====== INFORMATION PROVIDED ======
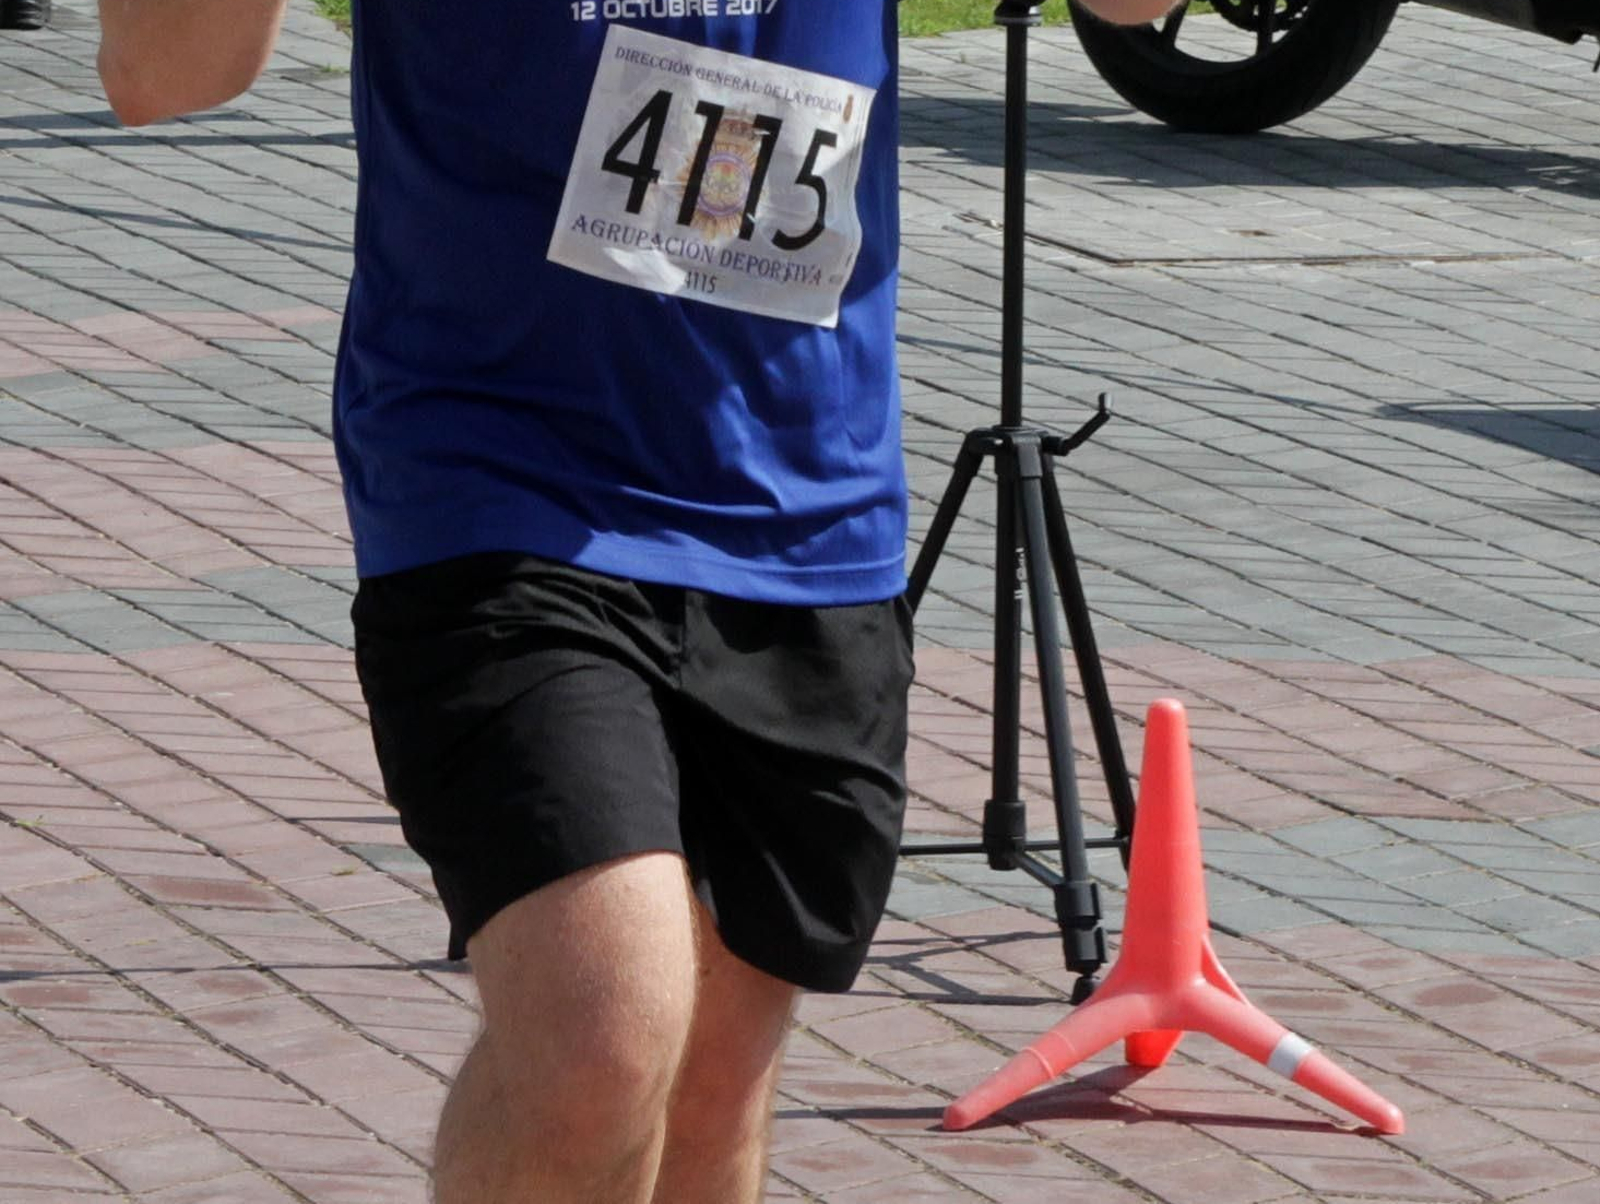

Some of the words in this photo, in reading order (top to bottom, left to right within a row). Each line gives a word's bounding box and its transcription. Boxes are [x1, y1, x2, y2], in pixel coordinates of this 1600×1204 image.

[570, 0, 596, 21] 12
[694, 66, 761, 94] GENERAL
[762, 82, 782, 99] DE
[784, 88, 802, 104] LA
[600, 88, 838, 252] 4115
[718, 248, 823, 287] DEPORTIVA
======
AIM OF THE TASK = Omit every picture, and otherwise quote the entries exactly.

SOLUTION TO THE PROBLEM =
Some of the words in this photo, in reading order (top to bottom, left to right within a row). Each line gives a word's bounding box and its transcription. Boxes are [x1, y1, x2, y2], in pixel coordinates of this 1600×1204 image.

[570, 0, 596, 21] 12
[694, 66, 761, 94] GENERAL
[762, 82, 782, 99] DE
[784, 88, 802, 104] LA
[600, 88, 838, 252] 4115
[718, 248, 823, 287] DEPORTIVA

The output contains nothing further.